Regional heterogeneity in acetylcholine-induced relaxation in rat vascular bed: Role of calcium-activated K⁺ channels

Ca⁺-activated K⁺-channels (K_Ca) regulate vasomotor tone via smooth muscle hyperpolarization and relaxation. The relative contribution of the endothelium-derived hyperpolarizing factor (EDHF)-mediated relaxation differs depending on vessel type and size. It is unknown whether these K_Ca channels are differentially distributed along the same vascular bed and hence have different roles in mediating the EDHF response. We therefore assessed the role of small- (SK_Ca), intermediate- (IK _Ca), and large-conductance (BK_Ca) channels in mediating acetylcholine-induced relaxations in both first- and fourth-order side branches of the rat superior mesenteric artery (MA1 and MA4, respectively). Two-millimeter segments of each MA were mounted in the wire myograph, incubated with N^ω-nitro-L-arginine methyl ester (L-NAME, 100 μmol/l) and indomethacin (10 μmol/l), and precontracted with phenylephrine (10 μmol/l). Cumulative concentration-response curves to ACh (0.001-10 μmol/l) were performed in the absence or presence of selective K_Ca channel antagonists.
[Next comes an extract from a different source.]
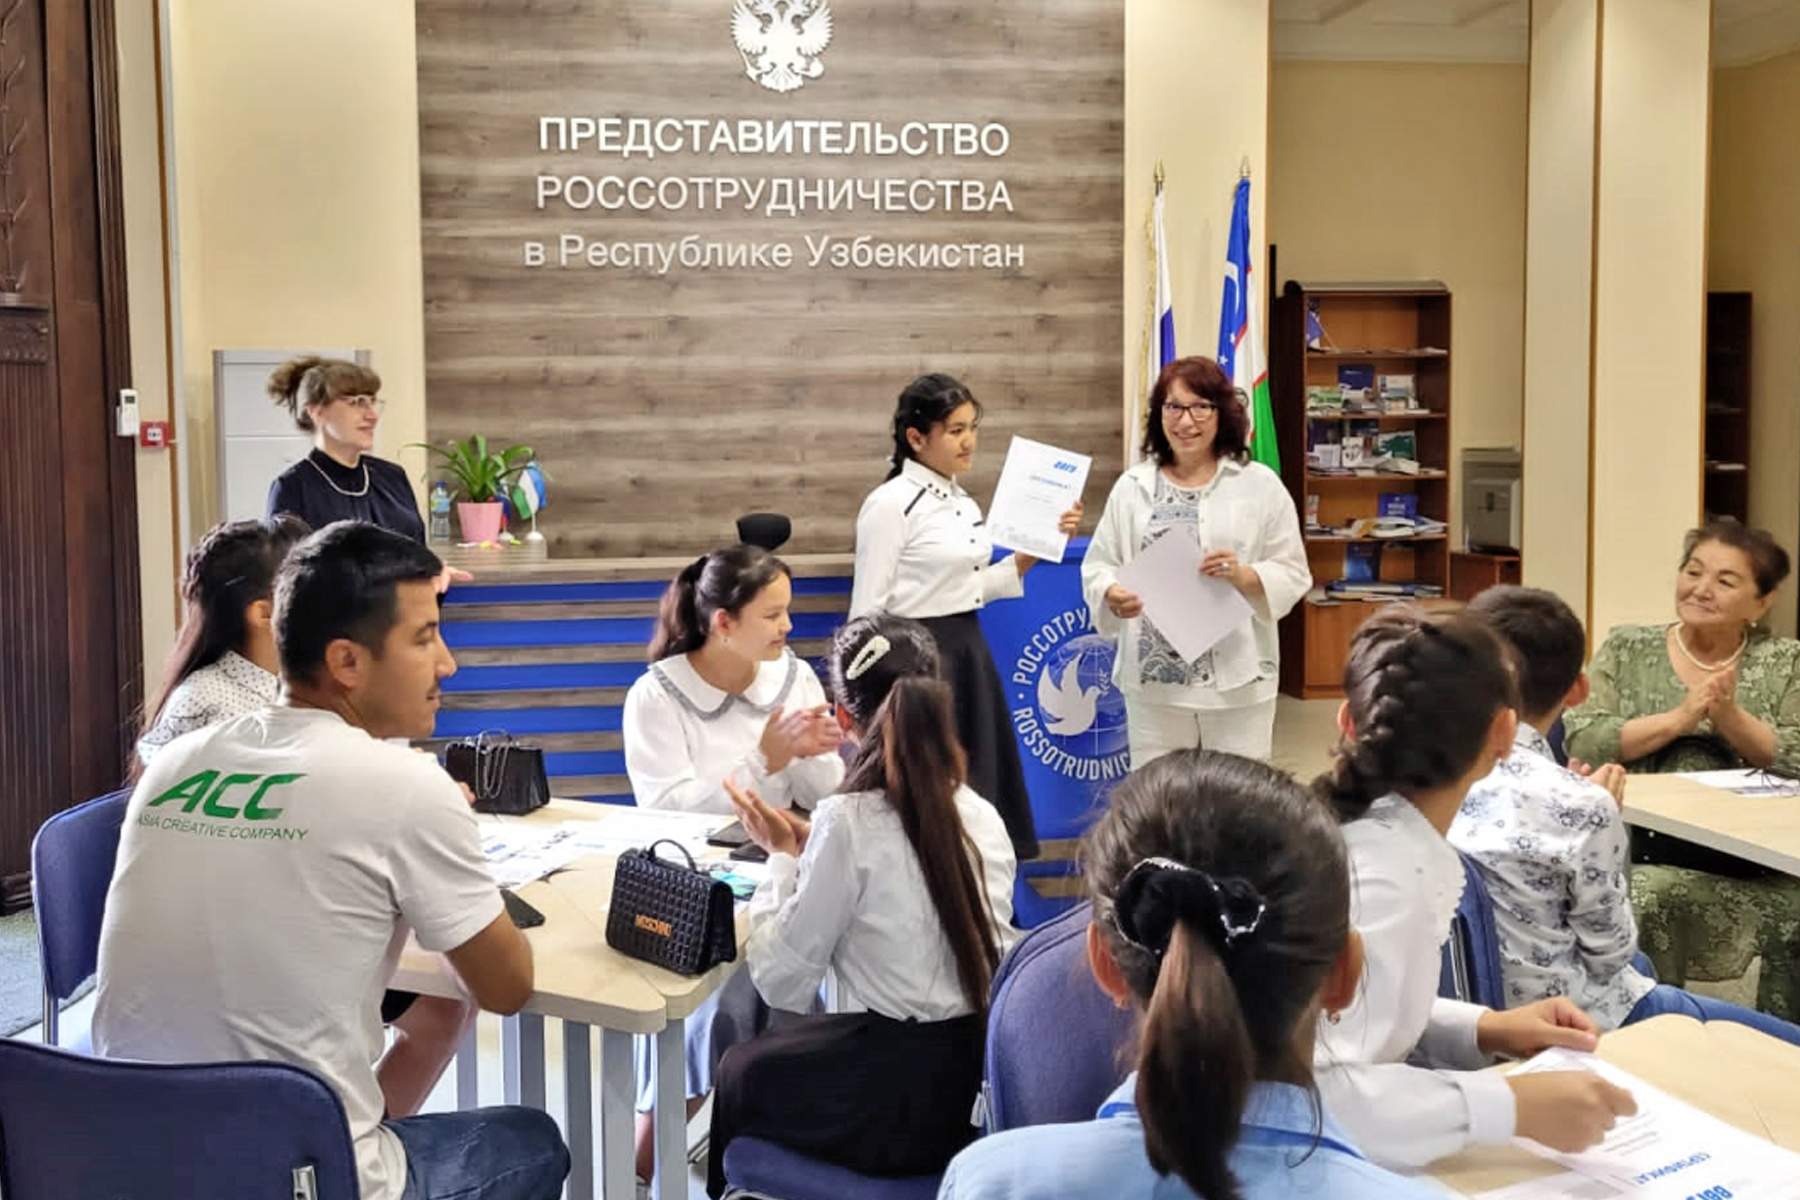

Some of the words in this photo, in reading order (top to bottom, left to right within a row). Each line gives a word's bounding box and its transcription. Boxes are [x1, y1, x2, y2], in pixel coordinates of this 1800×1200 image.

Apamin almost completely abolished these relaxations in MA4 but only partially blocked relaxations in MA1. The selective IK_Ca channel blocker 1-[(2chlorophenyl) diphenylmethyl]-1H-pyrazole (TRAM-34) caused a significantly greater inhibition of the ACh-induced relaxation in MA4 compared with MA1. Iberiotoxin had no inhibitory effect in MA4 but blunted relaxation in MA1. Relative mRNA expression levels of SK_Ca (rSK1, rSK3, and rSK4 = rIK1) were significantly higher in MA4 compared with MA1. BK_Ca (rBKα₁ and rBKβ₁) genes were similar in both MA1 and MA4. Our data demonstrate regional heterogeneity in SK_Ca and IK_Ca function and gene expression and stress the importance of these channels in smaller resistance-sized arteries, where the role of EDHF is more pronounced.